* PROBLEM *
Print the data exactly as written, but leave out each picture.
▽
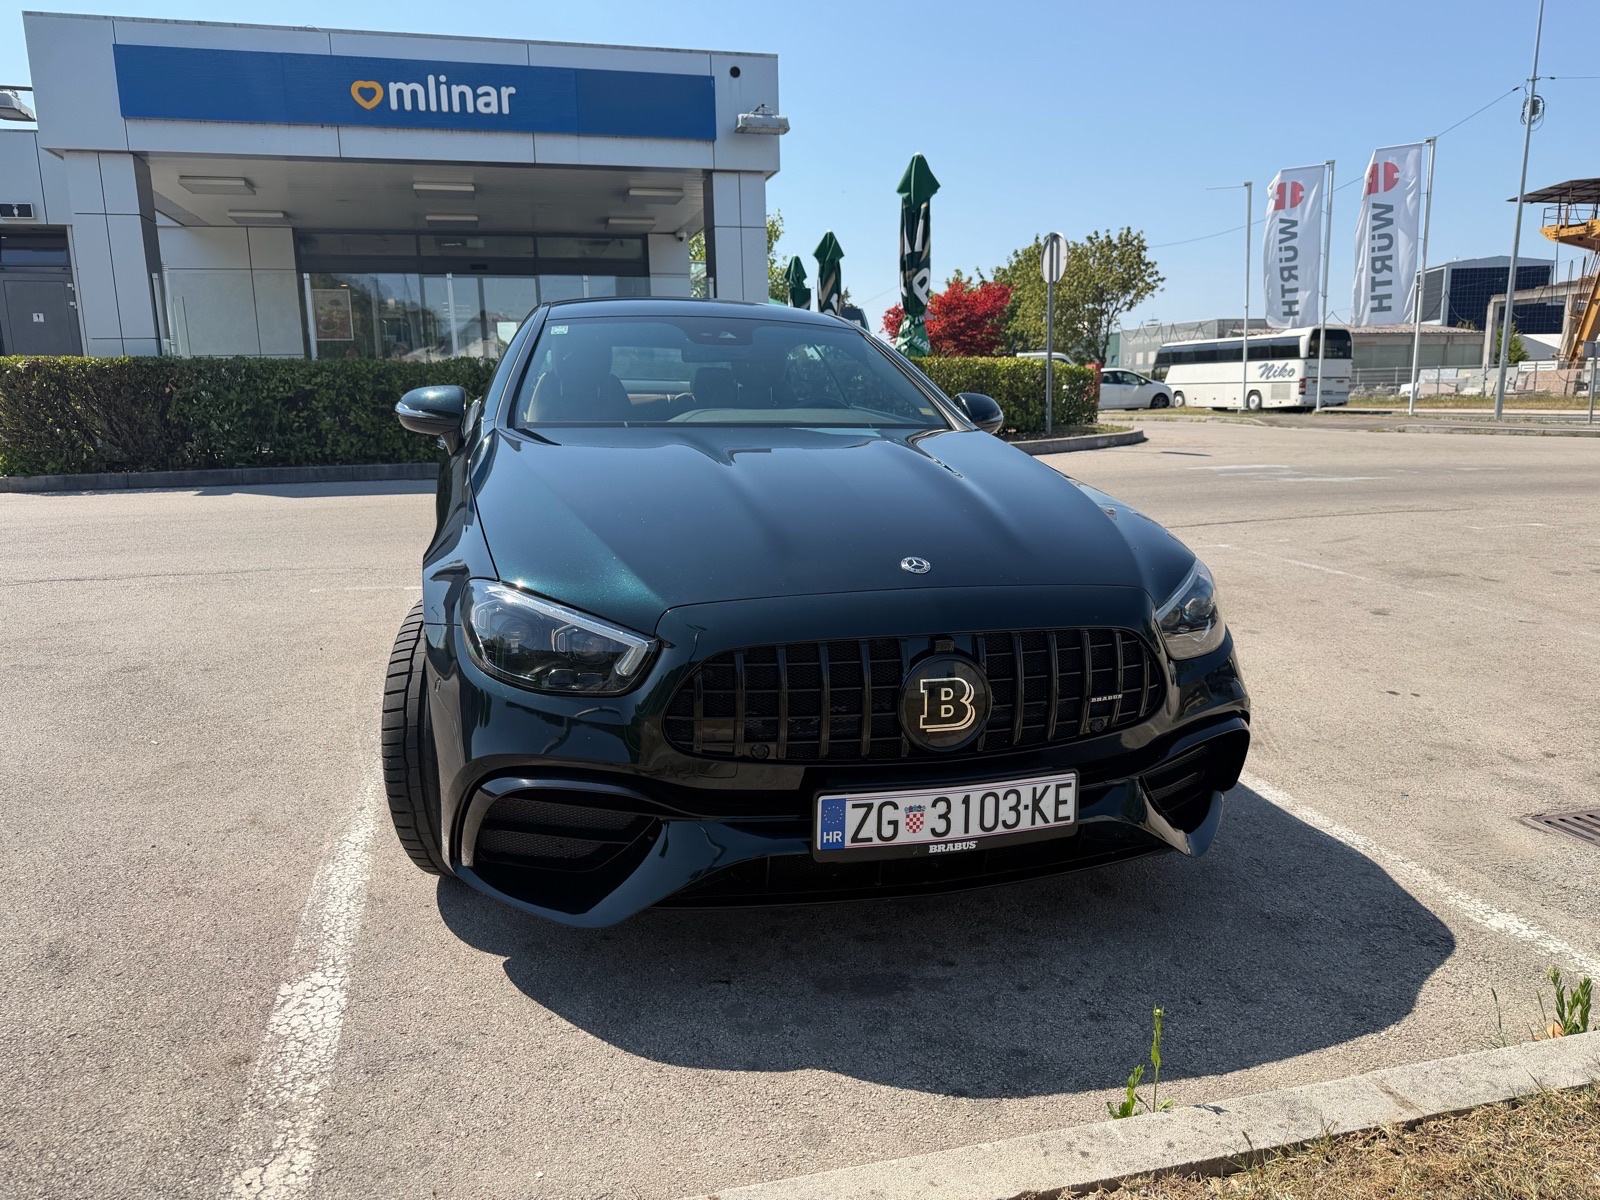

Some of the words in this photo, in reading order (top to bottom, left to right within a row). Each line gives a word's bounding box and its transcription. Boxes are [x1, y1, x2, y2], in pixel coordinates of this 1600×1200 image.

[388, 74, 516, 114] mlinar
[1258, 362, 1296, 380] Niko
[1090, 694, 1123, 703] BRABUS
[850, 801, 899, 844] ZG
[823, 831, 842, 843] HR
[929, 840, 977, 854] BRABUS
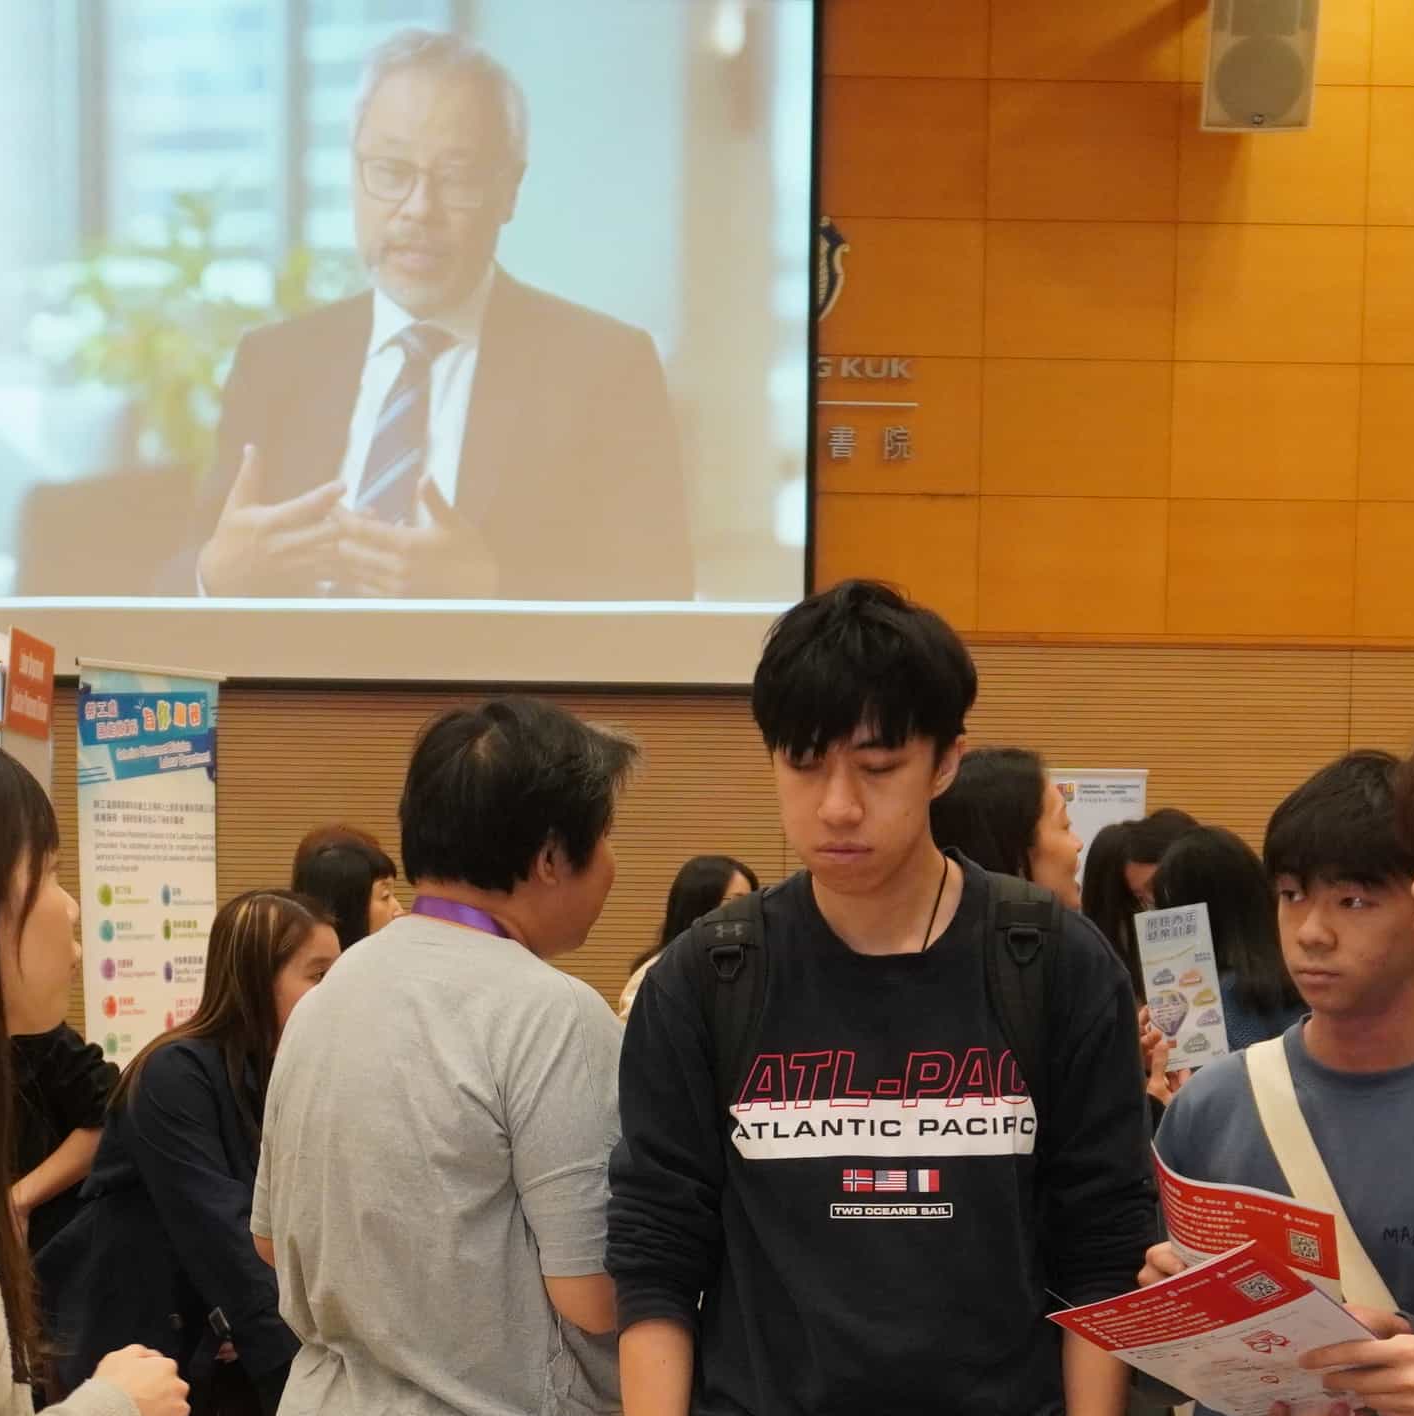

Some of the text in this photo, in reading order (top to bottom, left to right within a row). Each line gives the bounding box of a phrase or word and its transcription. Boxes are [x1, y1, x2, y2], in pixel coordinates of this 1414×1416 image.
△
* SOLUTION FOR THIS PROBLEM *
Some of the words in this photo, in reading order (top to bottom, left to right within a row). Each line gives a word's bounding box and its transcription. Boxes are [x1, y1, x2, y2], in pixel coordinates of this 1600×1200 image.

[388, 74, 516, 114] mlinar
[1258, 362, 1296, 380] Niko
[1090, 694, 1123, 703] BRABUS
[850, 801, 899, 844] ZG
[823, 831, 842, 843] HR
[929, 840, 977, 854] BRABUS

Some of the text in this photo, in reading order (top to bottom, left to right within a row). Each line gives the bounding box of a phrase or word and its transcription. Boxes are [x1, y1, x2, y2], in pixel coordinates of this 1414×1416 image.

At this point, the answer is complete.